AI Crawler: Definition, Types, and robots.txt Control
An AI crawler is a web agent used by an AI provider to collect, discover, index, or retrieve online content. The label is broad: training crawlers, AI search crawlers, and user-requested fetchers can have different purposes and separate robots.txt tokens.
An AI crawler is an automated or semi-automated web agent operated in connection with an AI product. It may collect public content for model development, build a search index, refresh source data, or retrieve a page after a user asks an assistant to access it. There is no single industry-wide “AI crawler” user-agent.
The practical unit of control is the documented token published by the operator: examples include GPTBot, OAI-SearchBot, ClaudeBot, Claude-SearchBot, PerplexityBot, Google-Extended, Applebot-Extended, and others. These tokens are not interchangeable, and some are policy controls rather than independent HTTP crawlers.
Three common categories
AI training and model-development crawlers
These agents collect public web content that may contribute to training, improvement, evaluation, or safety work. Site owners often choose to block them while keeping ordinary search engines and AI search discovery open.
AI search crawlers
These agents discover and analyze pages for search-style results, grounded answers, citations, and source links. Blocking them may reduce visibility in the provider’s AI search experience, but allowing them does not guarantee inclusion or citation.
User-requested fetchers
These agents access a page because a person asked an assistant or tool to retrieve it. Their behavior and robots.txt support can differ from automated crawlers. Private content still requires real authentication and authorization.
Why purpose matters
A broad rule such as User-agent: * Disallow: / can block ordinary search crawling along with AI agents. A more precise policy identifies the specific purpose you want to restrict. For example, you can disallow a training crawler and allow the provider’s separate search crawler.
Operator documentation can change, so review the current crawler list before publishing a policy. The AI crawler directory organizes documented agents by provider and purpose.
How robots.txt control works
Compliant crawlers fetch the robots.txt file for the exact scheme, host, and port they are visiting. They select the most specific matching user-agent group and apply the relevant Allow and Disallow rules. Each subdomain needs its own file.
Robots.txt is not an access-control system. It cannot protect customer records, paid content, unpublished documents, or internal APIs from a crawler that ignores the protocol. Use login controls, authorization, signed URLs, network rules, and rate limiting where access must be enforced.
How to choose a policy
List the AI agents visible in server logs and verify their published identities.
Separate training, search, and user-requested access.

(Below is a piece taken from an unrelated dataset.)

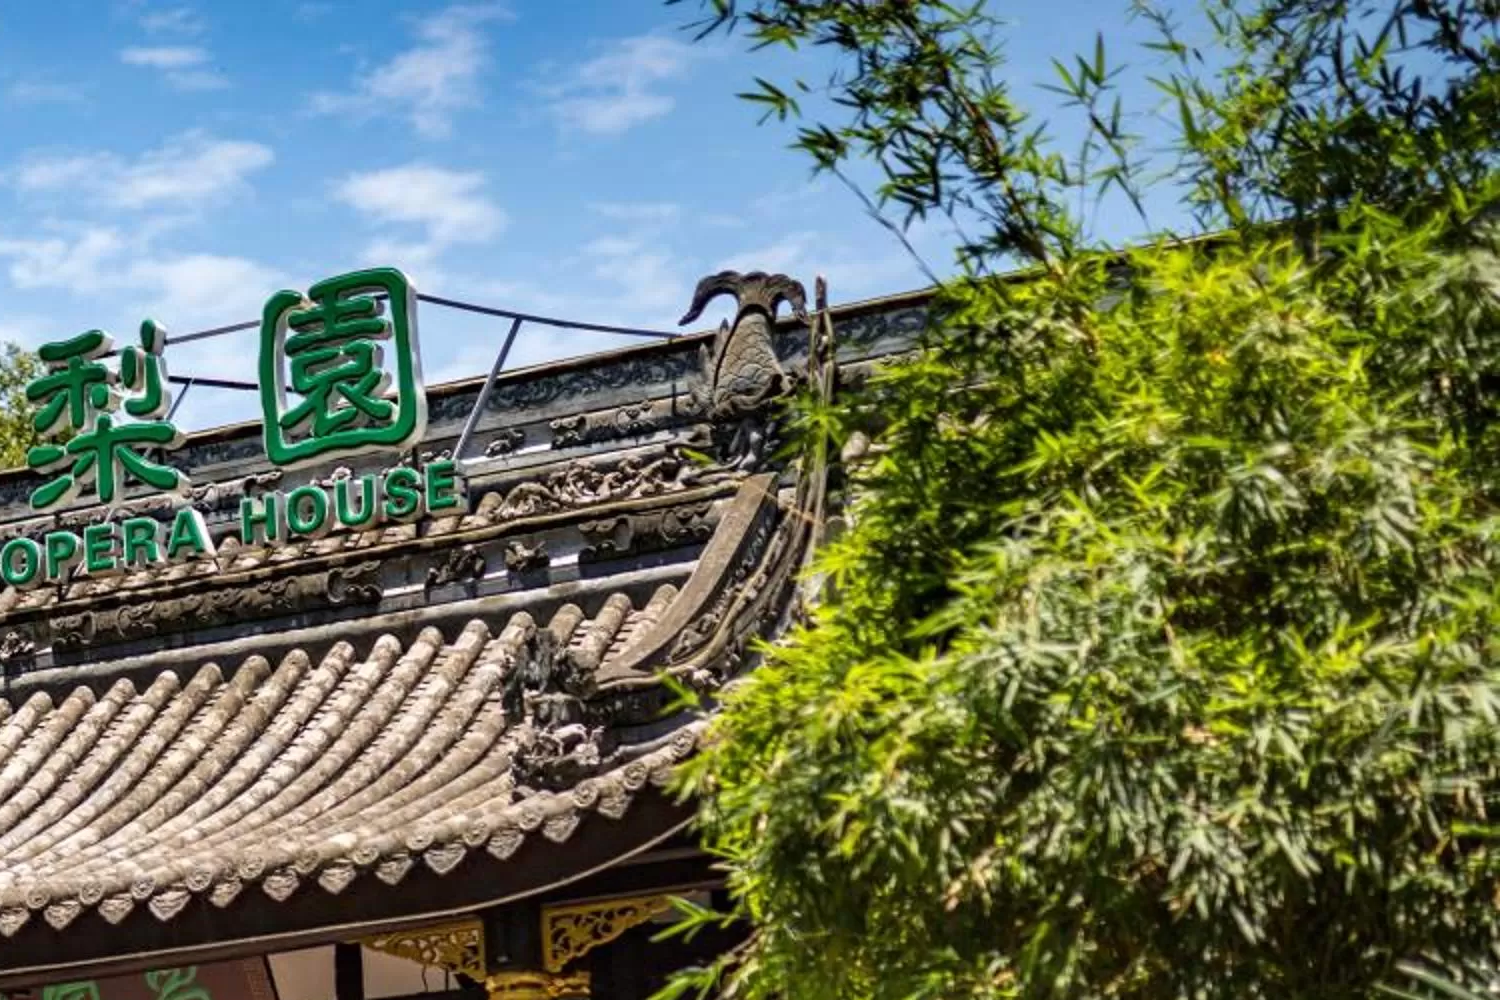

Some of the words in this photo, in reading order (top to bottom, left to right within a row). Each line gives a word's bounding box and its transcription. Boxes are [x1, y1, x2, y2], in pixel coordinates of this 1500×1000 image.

[25, 266, 420, 510] 梨園
[0, 506, 207, 587] OPERA
[240, 459, 461, 545] HOUSE
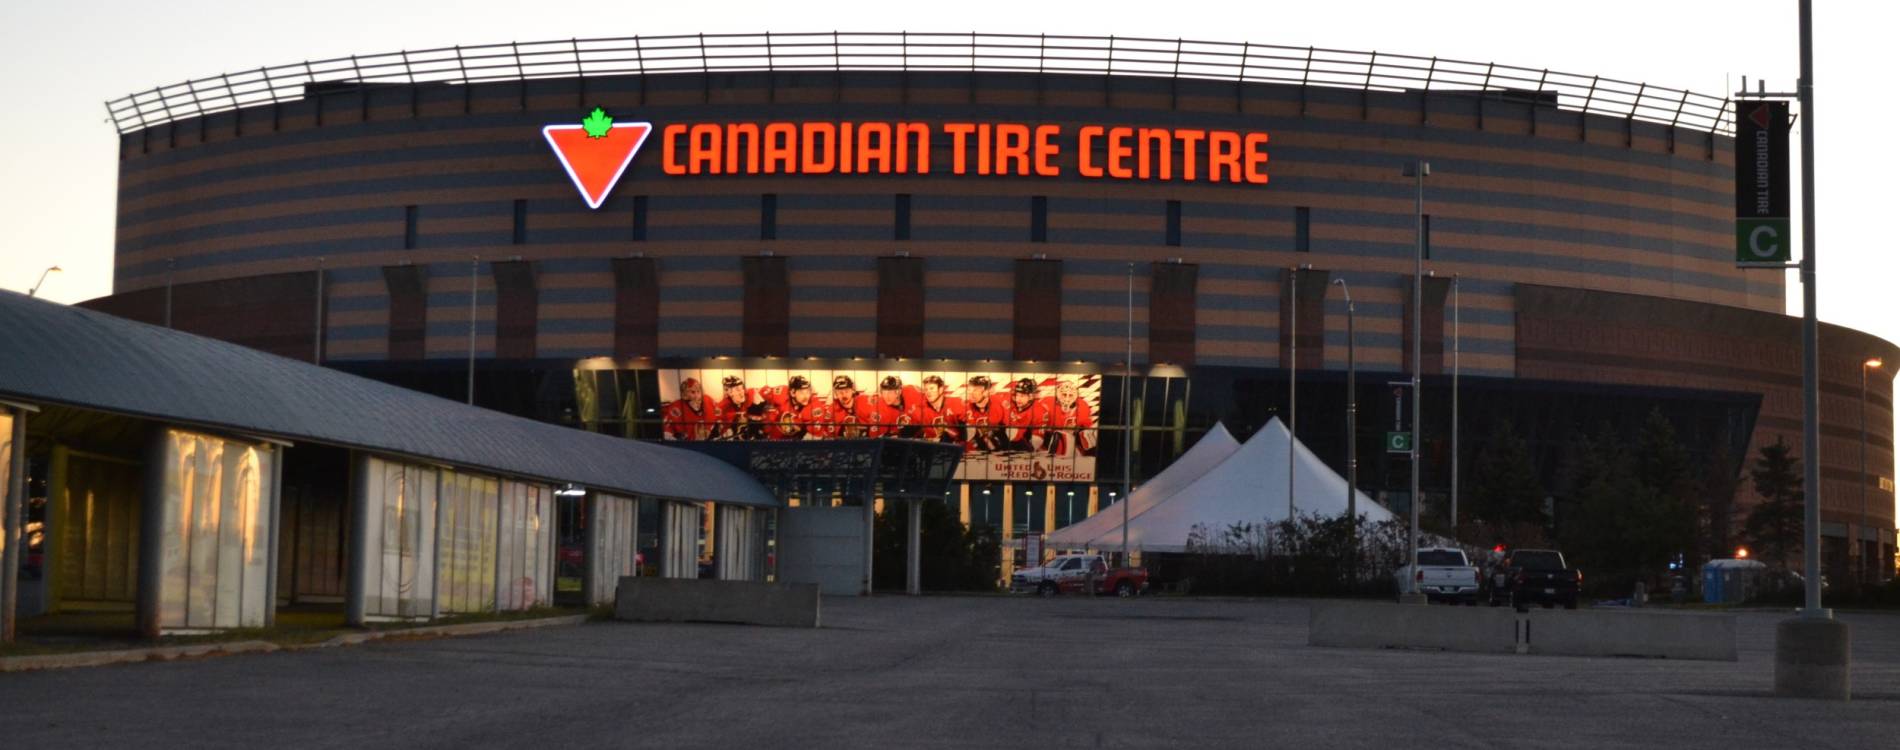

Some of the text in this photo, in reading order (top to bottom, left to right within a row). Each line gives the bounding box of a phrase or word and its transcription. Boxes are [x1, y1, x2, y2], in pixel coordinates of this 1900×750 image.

Decide which public paths each purpose should reach.
Trusting a spoofed User-Agent without network verification.
Using robots.txt to protect confidential information.
FAQ
Is there one universal AI crawler user-agent?
No. AI providers publish separate tokens for different products and purposes, and those tokens must be controlled individually.
Are AI crawlers always used for model training?
No. Some agents support model development, others power AI search discovery, and others retrieve a page after a user request.
Can I block training while allowing AI search?
Often yes, when the provider publishes separate user-agent tokens. Configure specific groups rather than using a broad wildcard block.
Does robots.txt protect private content from AI crawlers?
No. It is a voluntary crawl policy. Private content requires authentication, authorization, network controls, or other server-side enforcement.
How do I know whether an AI crawler is genuine?
Compare the full User-Agent and network source with the operator’s current documentation or published IP verification method. User-Agent text alone can be spoofed.